**STUDY MATERIAL**:
┌────────
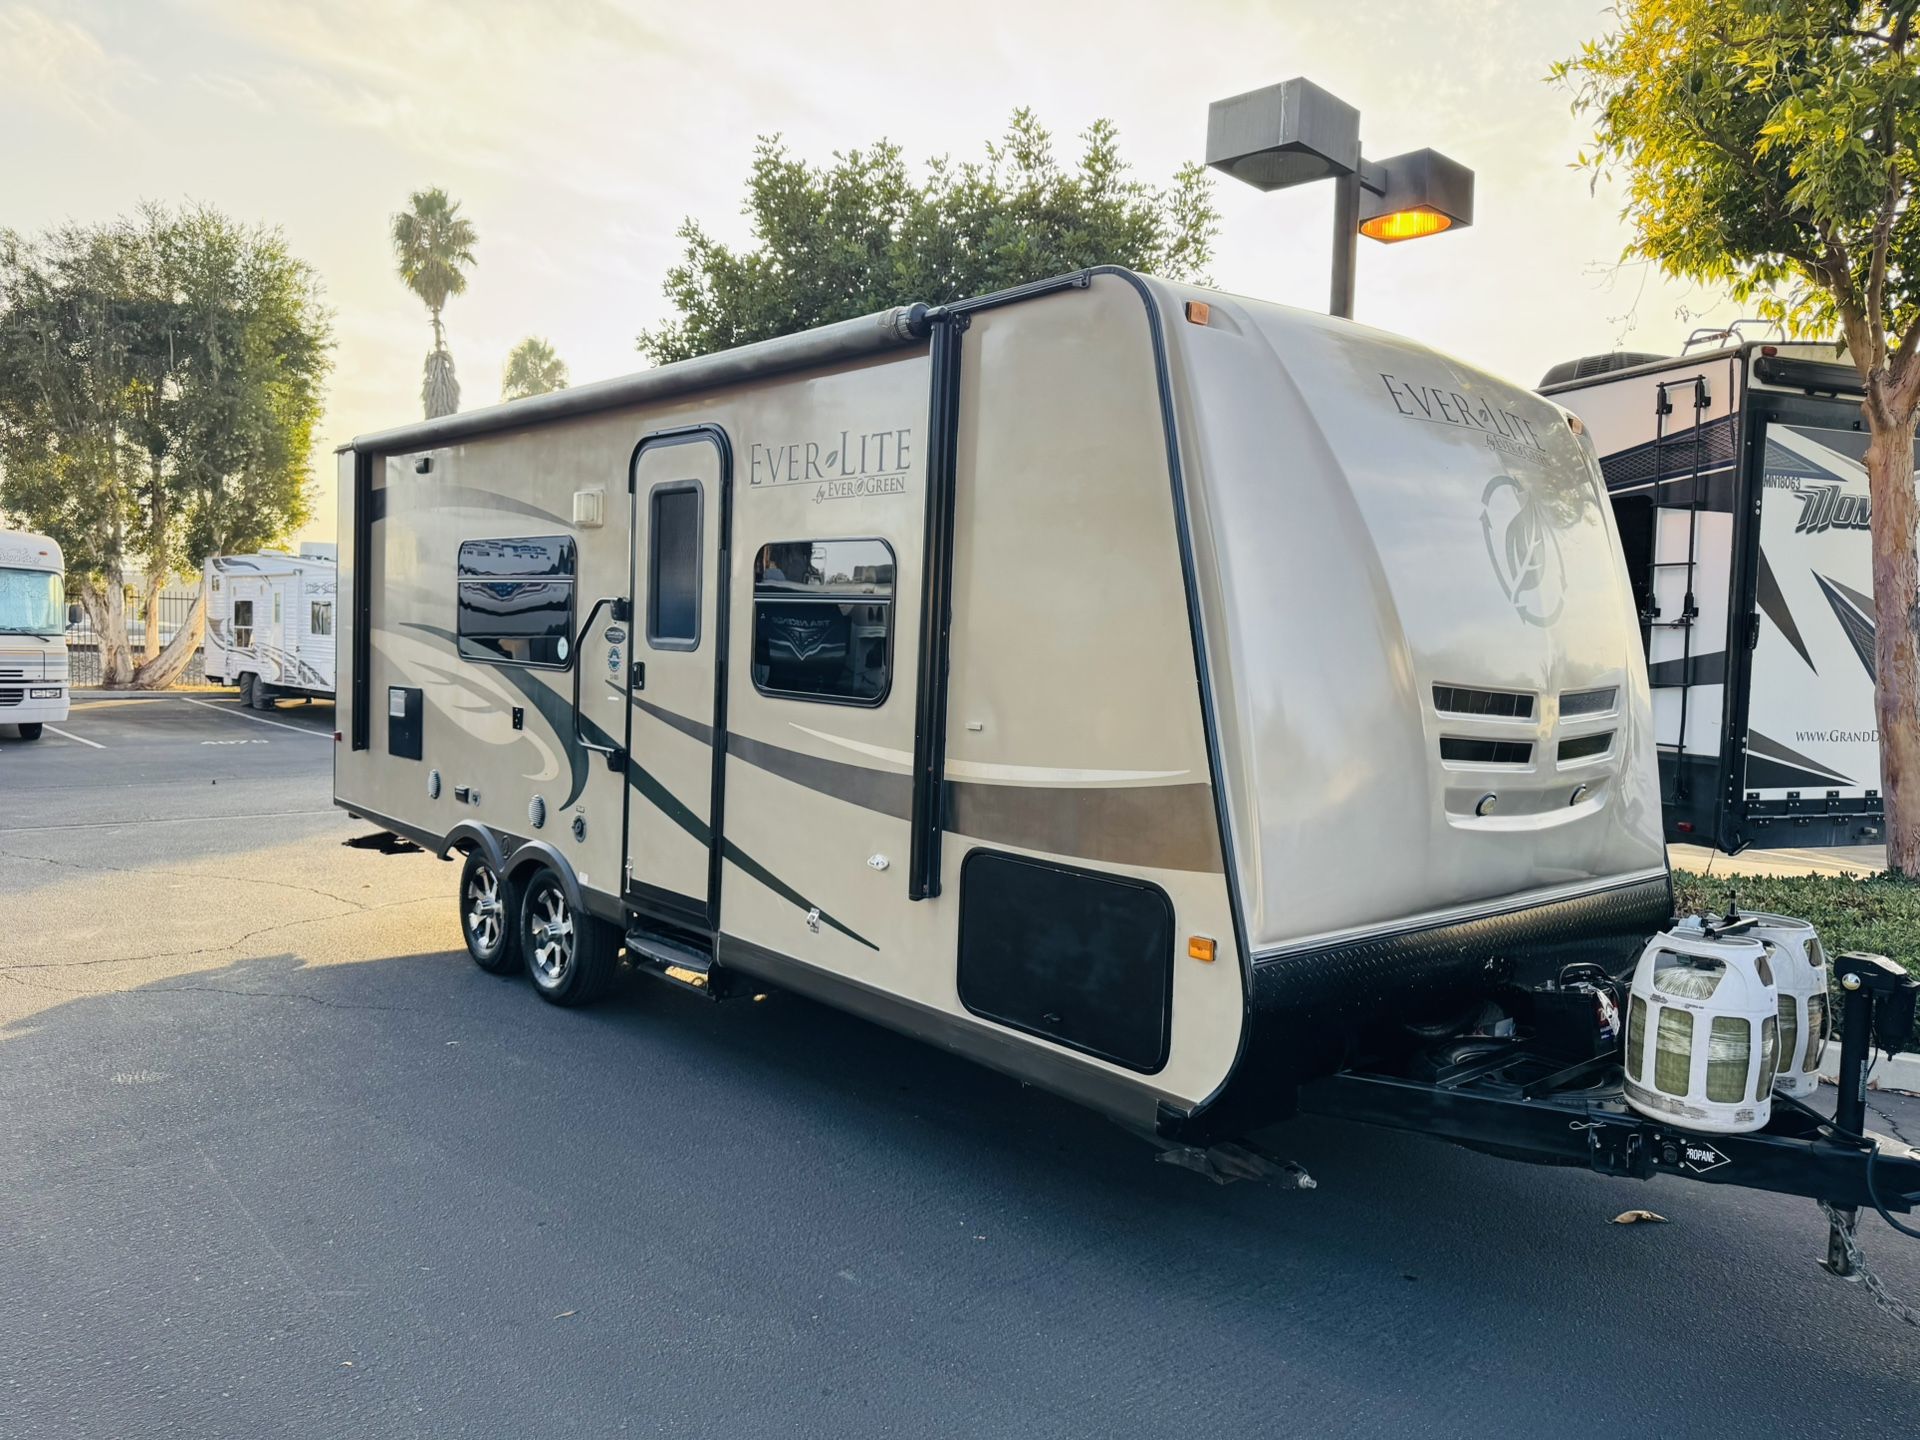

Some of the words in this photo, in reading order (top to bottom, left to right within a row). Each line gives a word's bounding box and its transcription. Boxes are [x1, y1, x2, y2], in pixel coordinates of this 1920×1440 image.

[1379, 373, 1485, 429] EVER
[1480, 397, 1546, 452] LITE
[750, 442, 823, 486] EVER
[840, 428, 912, 476] LITE
[828, 480, 855, 497] EVER
[866, 476, 906, 494] GREEN
[1686, 1147, 1716, 1164] PROPANE
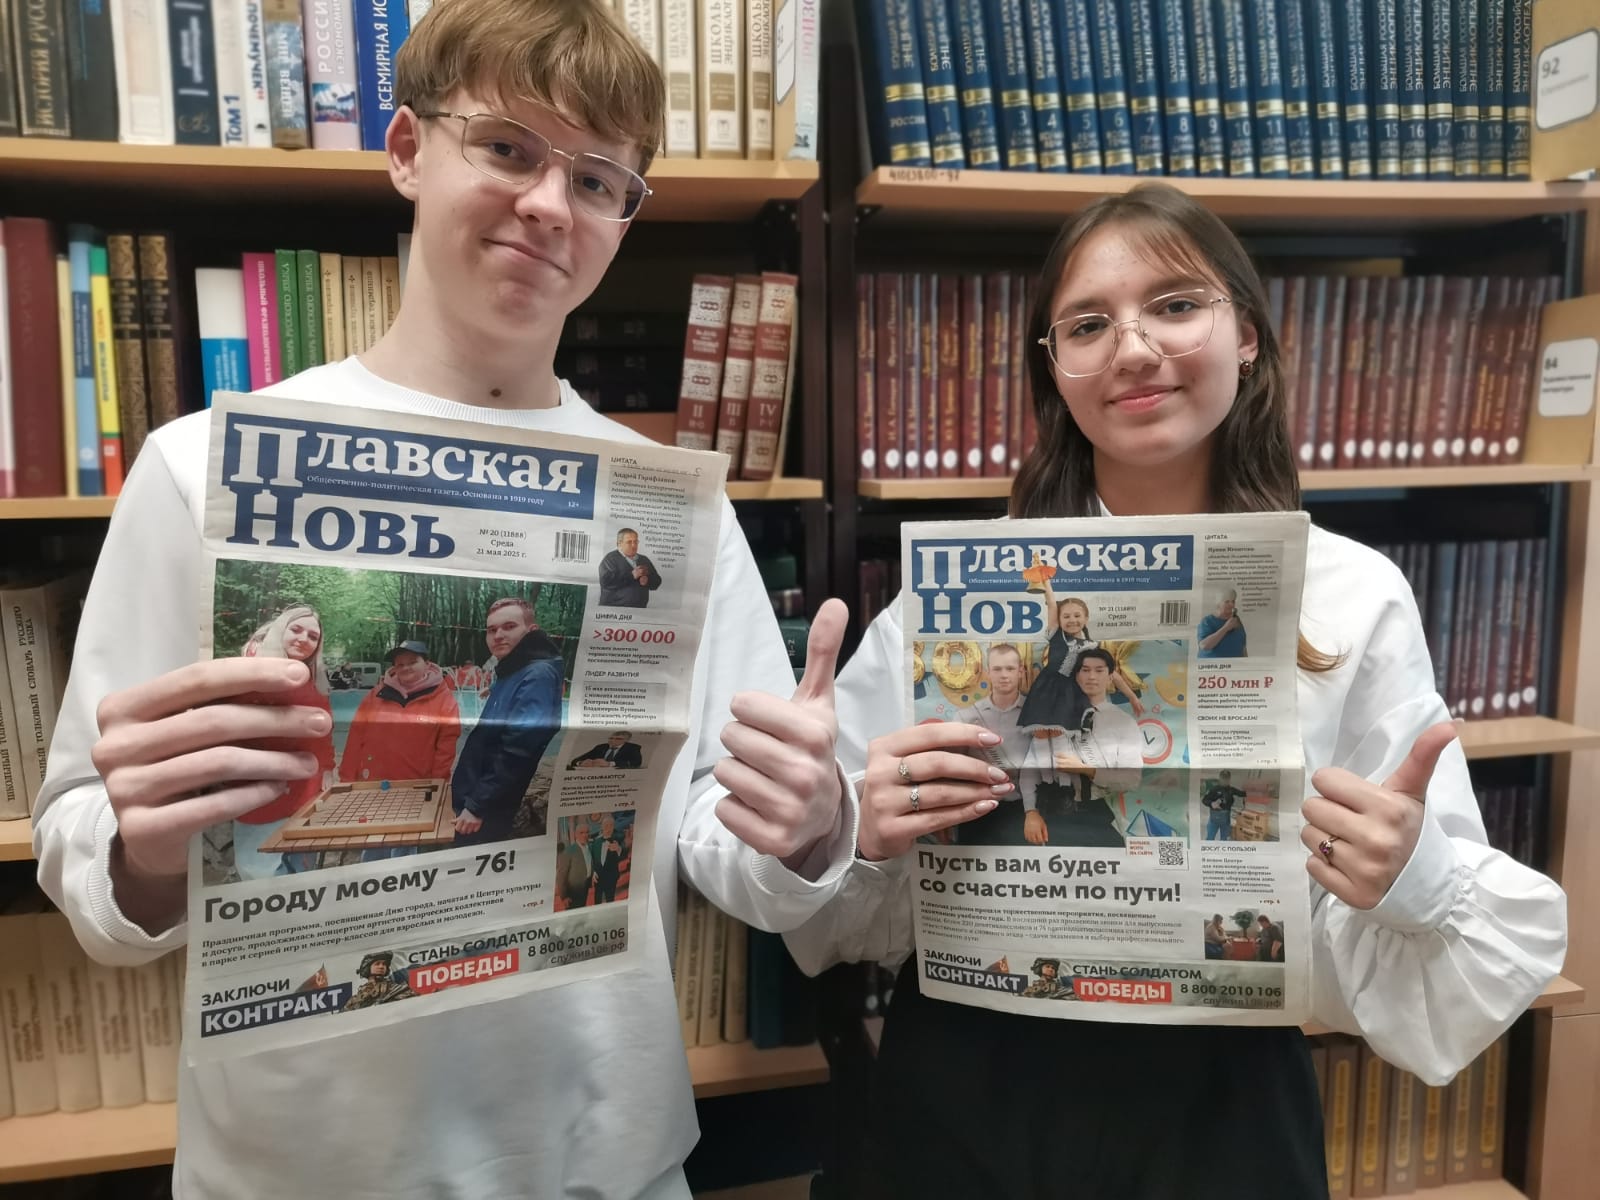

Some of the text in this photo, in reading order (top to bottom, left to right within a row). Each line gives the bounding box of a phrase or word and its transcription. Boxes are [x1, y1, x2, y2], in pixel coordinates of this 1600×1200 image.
└────────
Each line of the listing is to be retyped exactly, and its pictures are to be dropped.

Some of the words in this photo, in reading order (top to bottom, left to right within a row). Each line gives a word's bounding box and its transcription. Boxes are [x1, y1, x2, y2], in pixel coordinates of this 1920×1440 image.

[1379, 373, 1485, 429] EVER
[1480, 397, 1546, 452] LITE
[750, 442, 823, 486] EVER
[840, 428, 912, 476] LITE
[828, 480, 855, 497] EVER
[866, 476, 906, 494] GREEN
[1686, 1147, 1716, 1164] PROPANE

Some of the text in this photo, in reading order (top to bottom, left to right within a row). Each line gives the bounding box of a phrase or word and its transcription. Boxes are [x1, y1, x2, y2], in pixel coordinates of this 1600×1200 image.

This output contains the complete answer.